401(k) Loan Repayment
Borrowing against your 401(k) is usually simpler than taking out a personal loan. There is no credit check or application period because the funds in the account are legally yours. However, when you take out a 401(k) loan, you will need to repay the money in five years, along with interest. Repayment and interest is typically deducted straight from your paycheck. You can usually borrow up to 50 percent of your vested funds.
Pros and Cons
A 401(k) loan can be easy to obtain, and the interest you pay will go back to your account, so you are essentially paying yourself interest. By borrowing against your 401(k), you also won't face the taxes and penalties that come with a permanent withdrawal. However, when you borrow money from your retirement account, you no longer earn the compounded earnings that make these accounts a good investment tool for your retirement. Most employers and account administrators also won't let you contribute to the account until the loan is repaid.
Borrowing Against Your IRA
An IRA is basically a retirement account that isn't sponsored by your employer. A traditional IRA allows you to make pretax contributions, and earnings are tax-free until you begin withdrawing the money after 59 1/2. While you aren't allowed to borrow against an IRA, you may be able to receive a short-term loan. You are allowed to withdraw funds from your IRA without taxes or penalties if you return the money to the account or deposit it into another IRA within 60 days.
This is called an IRA rollover, and it can be a good option if you only need the cash for a short period. To arrange a rollover, call your account administrator and submit the necessary paperwork.

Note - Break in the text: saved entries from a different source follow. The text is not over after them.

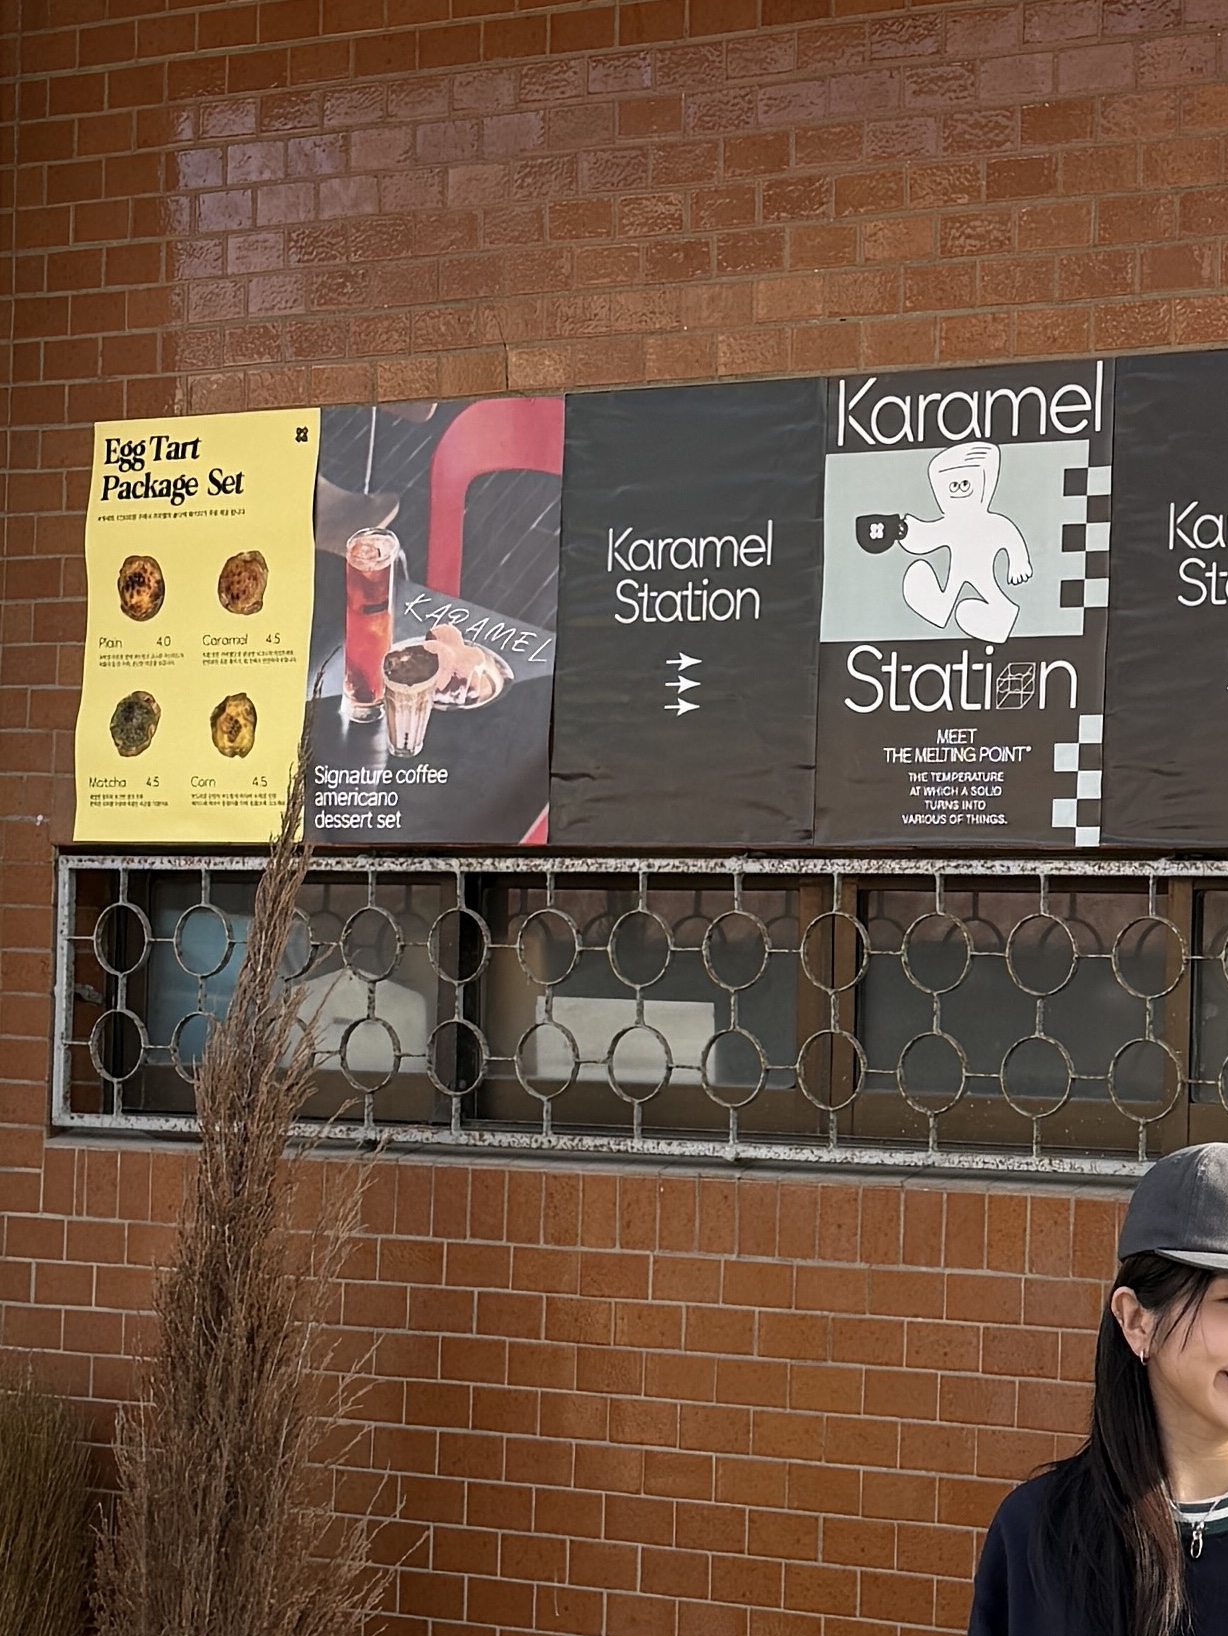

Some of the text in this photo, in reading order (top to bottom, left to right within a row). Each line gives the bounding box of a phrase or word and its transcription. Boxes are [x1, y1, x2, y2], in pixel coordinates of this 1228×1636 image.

[837, 360, 1103, 446] Karamel
[104, 435, 202, 472] Egg Tart
[100, 468, 246, 506] Package Set
[607, 519, 773, 572] Karamel
[614, 578, 761, 624] Station
[936, 728, 978, 744] MEET
[883, 747, 912, 763] THE
[914, 747, 977, 763] MELTING
[88, 776, 127, 789] Matcha
[314, 763, 449, 789] Signature coffee
[908, 771, 1005, 783] THE TEMPERATURE
[314, 787, 398, 807] americano
[909, 785, 1003, 797] AT WHICH A SOLID
[924, 800, 987, 811] TURNS INTO
[314, 810, 402, 829] dessert set
[901, 814, 1008, 825] VARIOUS OF THINGS.
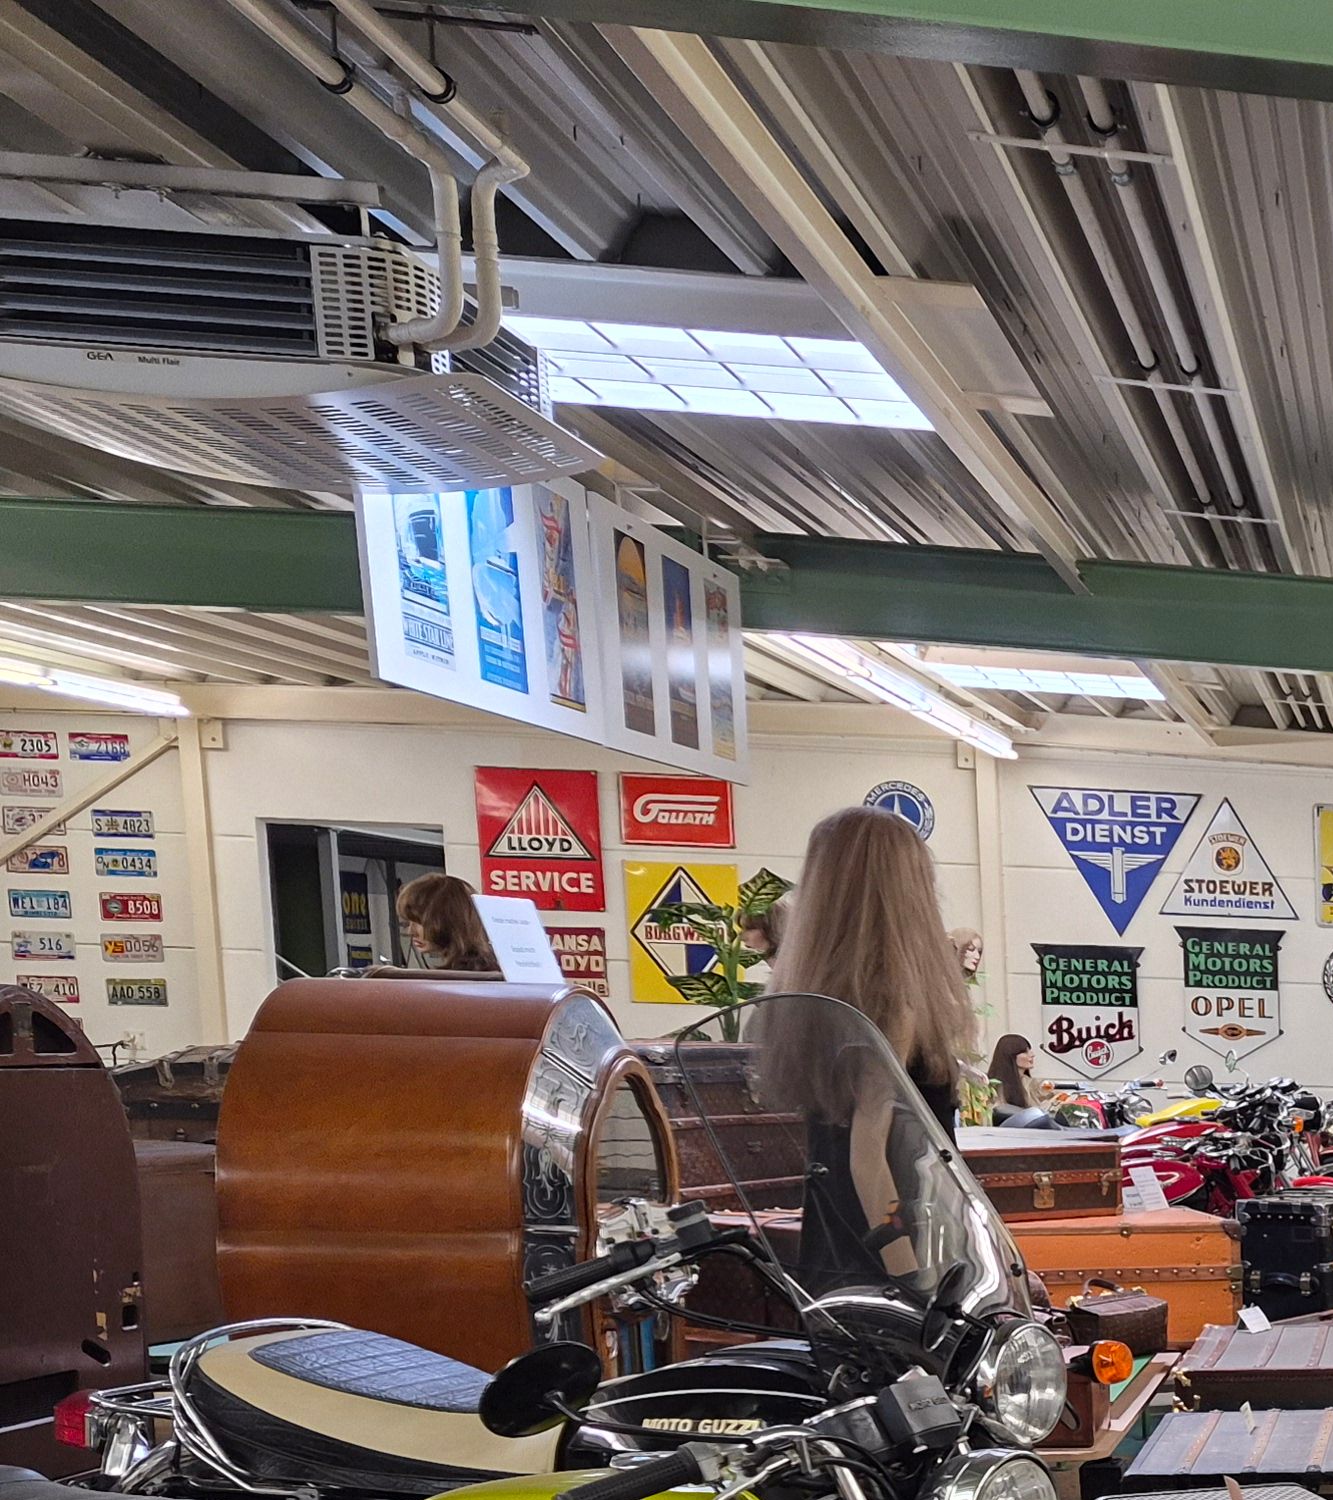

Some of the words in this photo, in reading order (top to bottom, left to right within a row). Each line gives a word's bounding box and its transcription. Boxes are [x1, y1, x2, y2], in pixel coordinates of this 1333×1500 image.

If you fail to deposit the funds back into your IRA or into another IRA within that time frame, you will be required to pay taxes on the money and a 10 percent early withdrawal penalty.
- Jupiterimages/Photos.com/Getty Images
- How to Transfer My Retirement to an IRA
- How to Borrow From 403b
- Can I Take Money Out of My 401K to Buy a House?
- Taking a Hardship Withdrawal Without Dinging Credit
- Can I Use Funds Borrowed From Investments to Purchase a Rental Property?
- How Can I Pull Out My Money From My 401(k)?
- Does Borrowing From a TSP Affect Your Credit?
- Can I Borrow All of My 401(a)?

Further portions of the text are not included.